運転手の心を削る
乗客の「無言の圧力」

 言葉を交わさなくても、運転手を傷つける態度は他にもある。咳払い、ため息、舌打ち。渋滞にハマり、到着までに少し時間がかかりそうなとき、後部座席から聞こえてくる。

 予定通りに進まないことから、社会的地位が高そうな人に、後部座席で「地団駄」を踏まれたこともある。わざとではなく無意識のうちに体が動いているのかもしれないが、運転している側の心はじわじわと削られていく。

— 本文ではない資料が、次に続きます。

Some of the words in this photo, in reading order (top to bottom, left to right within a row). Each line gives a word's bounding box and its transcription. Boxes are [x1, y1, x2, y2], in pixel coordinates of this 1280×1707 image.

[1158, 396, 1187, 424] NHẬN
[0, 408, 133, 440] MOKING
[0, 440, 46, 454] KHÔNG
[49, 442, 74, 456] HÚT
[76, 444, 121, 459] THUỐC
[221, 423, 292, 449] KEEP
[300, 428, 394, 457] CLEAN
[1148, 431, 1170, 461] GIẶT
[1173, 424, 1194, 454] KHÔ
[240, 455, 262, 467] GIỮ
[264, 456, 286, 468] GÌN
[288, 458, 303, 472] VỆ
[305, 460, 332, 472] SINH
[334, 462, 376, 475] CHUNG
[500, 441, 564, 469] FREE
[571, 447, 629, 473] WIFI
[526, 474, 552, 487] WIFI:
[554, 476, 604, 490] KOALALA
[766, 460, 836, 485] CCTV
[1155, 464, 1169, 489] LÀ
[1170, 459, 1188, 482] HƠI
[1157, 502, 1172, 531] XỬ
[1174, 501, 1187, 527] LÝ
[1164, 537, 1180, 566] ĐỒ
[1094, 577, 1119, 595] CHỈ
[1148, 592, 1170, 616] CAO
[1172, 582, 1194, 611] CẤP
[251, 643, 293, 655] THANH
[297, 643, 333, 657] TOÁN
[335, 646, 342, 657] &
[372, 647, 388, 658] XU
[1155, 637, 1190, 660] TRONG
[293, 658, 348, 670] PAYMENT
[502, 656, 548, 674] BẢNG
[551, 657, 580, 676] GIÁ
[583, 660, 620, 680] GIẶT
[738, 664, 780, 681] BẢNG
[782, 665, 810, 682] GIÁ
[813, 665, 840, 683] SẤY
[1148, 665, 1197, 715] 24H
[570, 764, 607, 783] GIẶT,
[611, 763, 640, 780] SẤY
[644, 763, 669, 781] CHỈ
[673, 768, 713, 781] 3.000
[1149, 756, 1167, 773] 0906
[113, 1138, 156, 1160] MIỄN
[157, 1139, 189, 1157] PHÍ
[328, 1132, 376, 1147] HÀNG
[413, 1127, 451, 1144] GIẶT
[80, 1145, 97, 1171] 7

 ただし、舌打ちが聞こえたときに、ルームミラーで後部座席をちらっと見ると、仕事関係の連絡にイラついているだけの人もいる。同様に、タクシー運転手に対する当てつけではなく、単に疲れてため息をついている場合もある。

 自分に向けられたものではないと分かれば、それはそれでホッとする。

 これに対し、乗客と直接言葉を交わすケースでは、曖昧な指示にモヤモヤすることがある。例えば、ルートを確認したときに「最短で」とだけ言われる場合だ。

 こちら側としては、「時間」と「距離」のどちらで最短を目指すべきなのか、もう一言だけでも教えてほしい。渋滞が起こりやすいエリアでは、遠回りした方が時間を短縮でき、「最短距離」を目指すと乗車が長引くことがあるためだ。

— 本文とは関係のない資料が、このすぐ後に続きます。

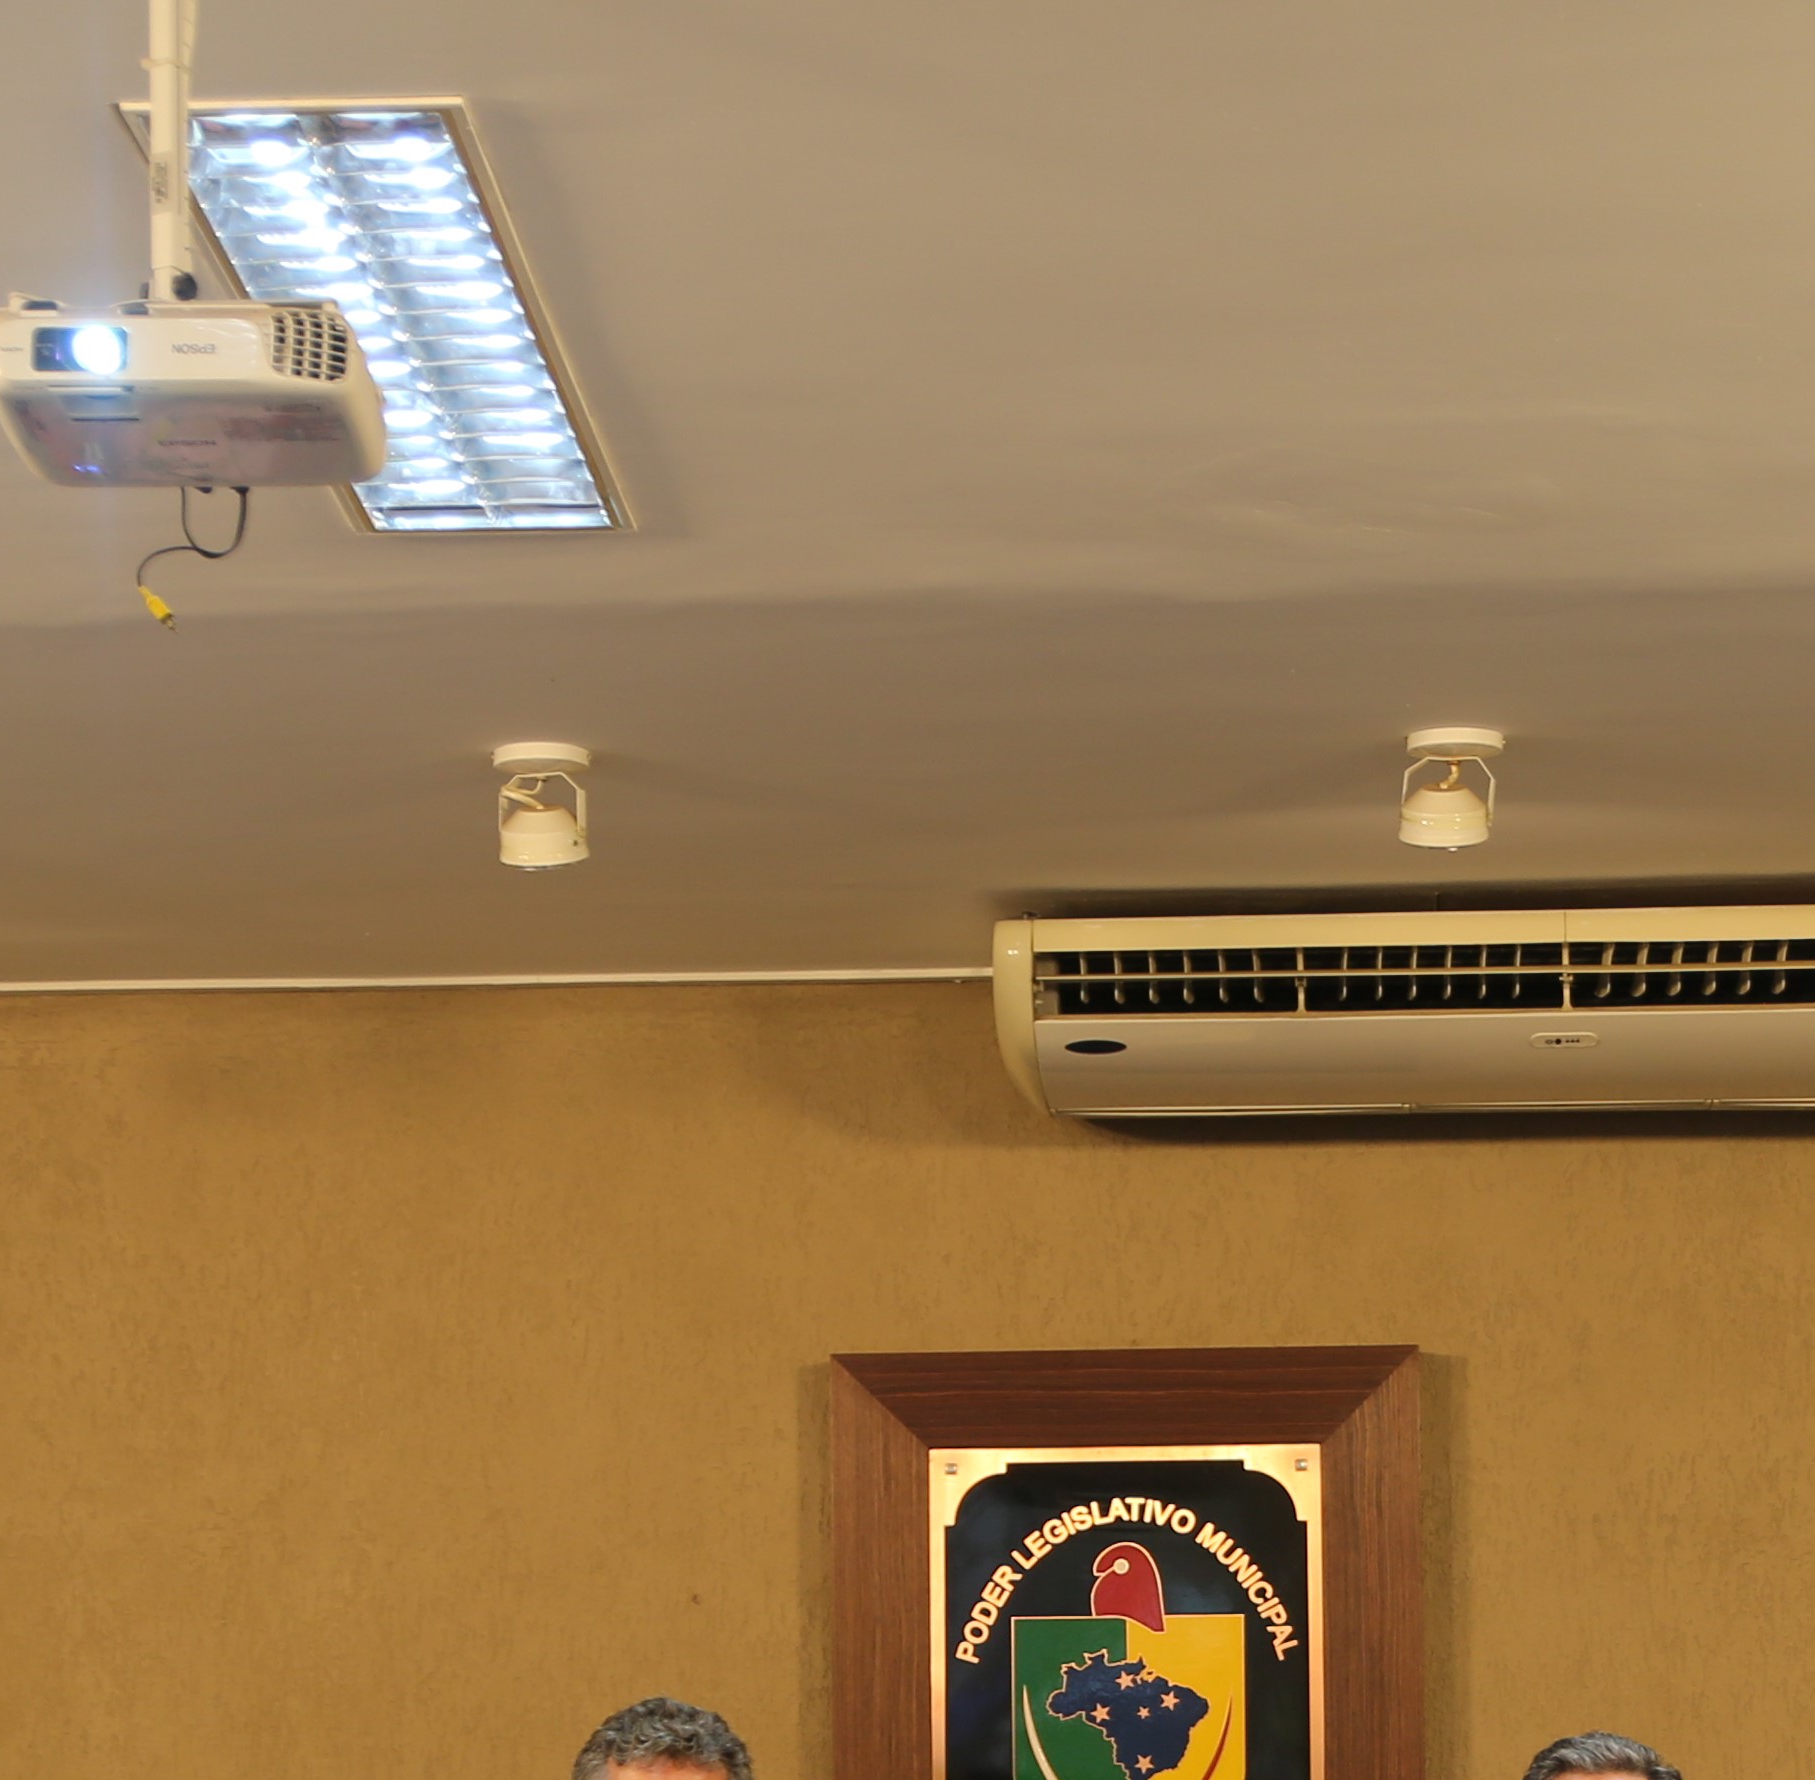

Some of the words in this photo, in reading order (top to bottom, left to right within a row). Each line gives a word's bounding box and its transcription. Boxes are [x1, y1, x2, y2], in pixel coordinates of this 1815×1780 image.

[954, 1564, 1023, 1664] PODER
[1010, 1496, 1197, 1570] LEGISLATIVO
[1194, 1521, 1299, 1662] MUNICIPAL

 そこで詳細を確認すると、「最短で」と繰り返されたり、「そのくらい気持ちを汲んでほしい」とお叱りを受けたりすることがある。

 他にも、「ルートは任せる」と言われて走り出すと「ああ、この道を選んだのか」とガッカリされることがある。

 さらに、「とりあえず真っすぐで」と言われて直進していると、突然「今ここで曲がって!」と強い口調で指示されることもある。飲食店などに向かう場合、その店の正式名称ではなく、地元民しか知らない愛称で指示されることもある。

 ドライバーは超能力者ではないから、もう少しコミュニケーションを取ってもらえると助かるのだが……。